Sinnkrise in Den Haag

Der Internationale Strafgerichtshof berät über seine Zukunft

  • Von Olaf Standke
  • Lesedauer: ca. 2.5 Min.

Man darf durchaus Kalkül vermuten, wenn Fatou Bensouda unmittelbar vor der diesjährigen Vollversammlung des Internationalen Strafgerichtshofes (IStGH) mit einem solchen Bericht an die Öffentlichkeit geht: US-Soldaten und CIA-Agenten sollen nach Einschätzung internationaler Ermittler in Afghanistan Kriegsverbrechen begangen haben. Demnach gebe es »eine vernünftige Grundlage zu glauben«, dass nicht nur Taliban und Angehörige der afghanischen Regierungstruppen für Folter und Misshandlung verantwortlich seien, betonte die Haager Chefanklägerin.
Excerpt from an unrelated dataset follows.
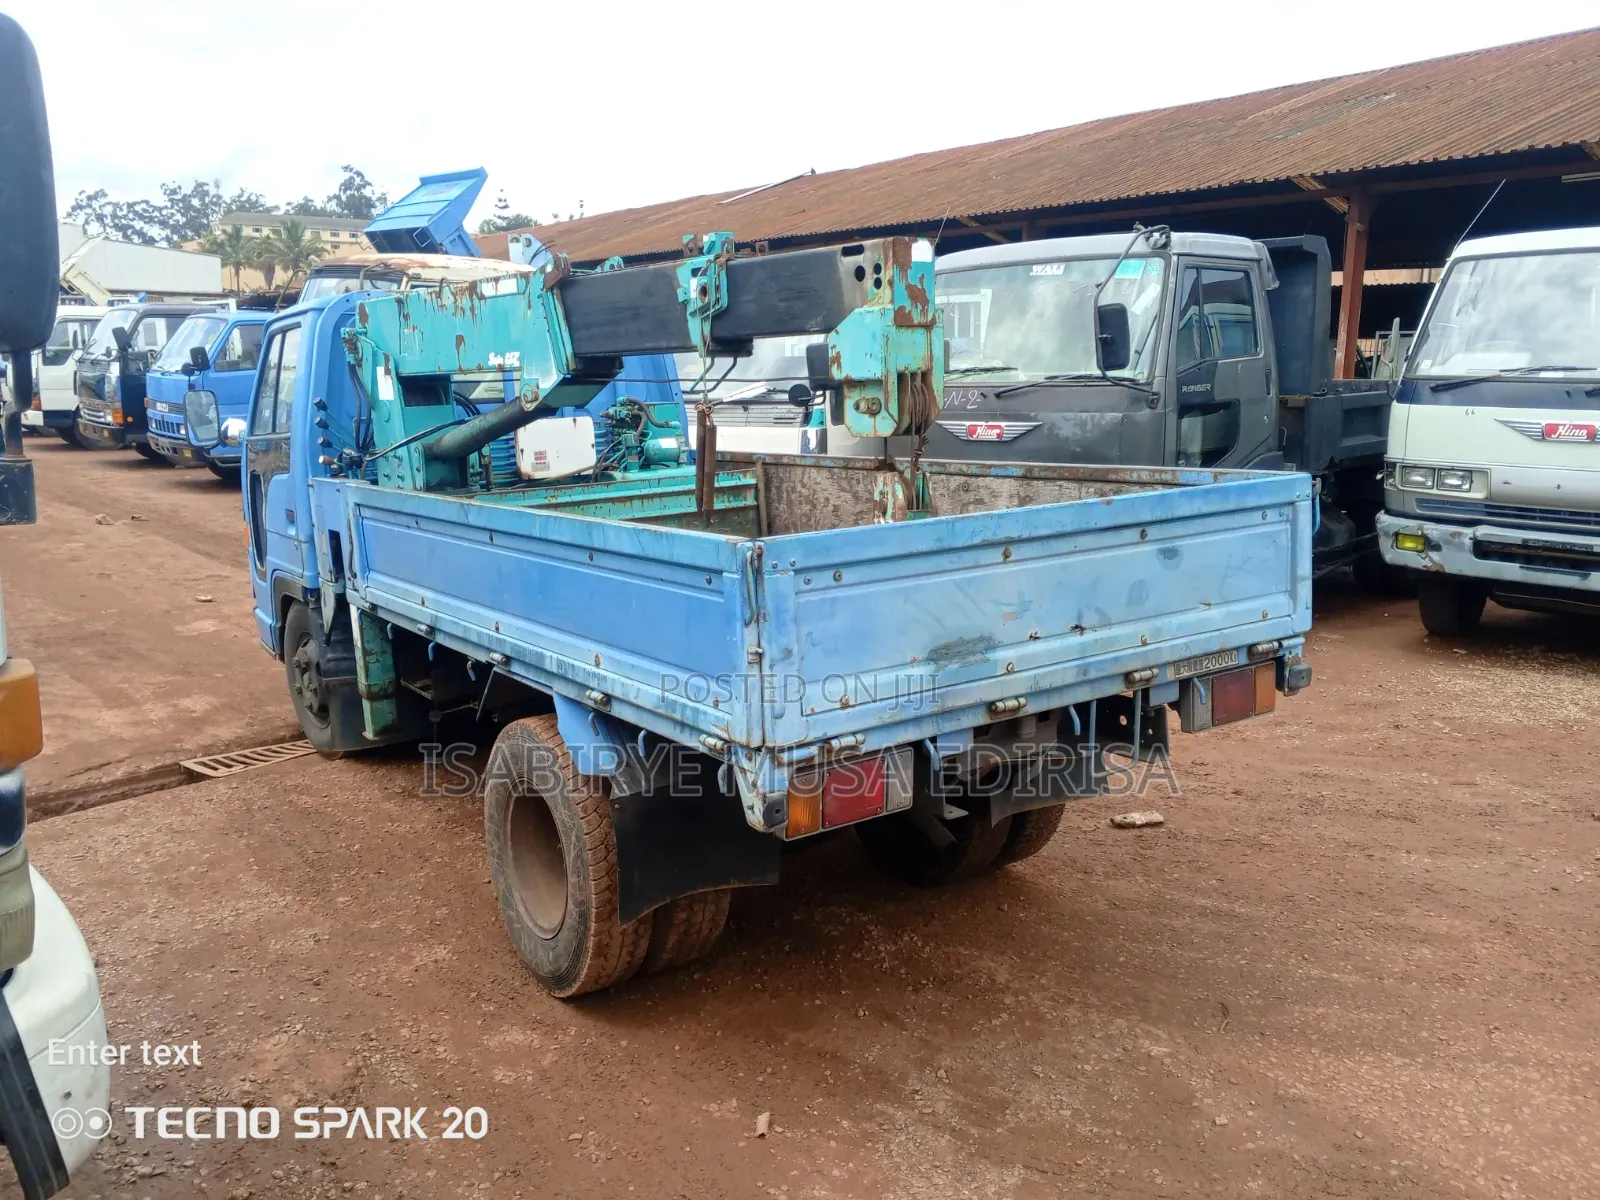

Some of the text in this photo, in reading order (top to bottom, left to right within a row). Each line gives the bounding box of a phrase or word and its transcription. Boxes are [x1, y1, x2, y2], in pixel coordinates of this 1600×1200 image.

[1181, 383, 1212, 393] RANGER
[972, 424, 1001, 439] Hino
[1551, 424, 1588, 440] Hino
So töteten radikale Islamisten und ihre Verbündeten bei Angriffen auf Schulen, Krankenhäuser und Moscheen zwischen 2007 und Ende 2015 höchstwahrscheinlich 17 000 Zivilisten.

Zum ersten Mal aber gingen die Ermittler des IStGH im Zusammenhang mit Kriegsverbrechen auch der Rolle der US-amerikanischen Streitkräfte und des Washingtoner Auslandsgeheimdienstes CIA nach.

Seit 2003 bis in die jüngs...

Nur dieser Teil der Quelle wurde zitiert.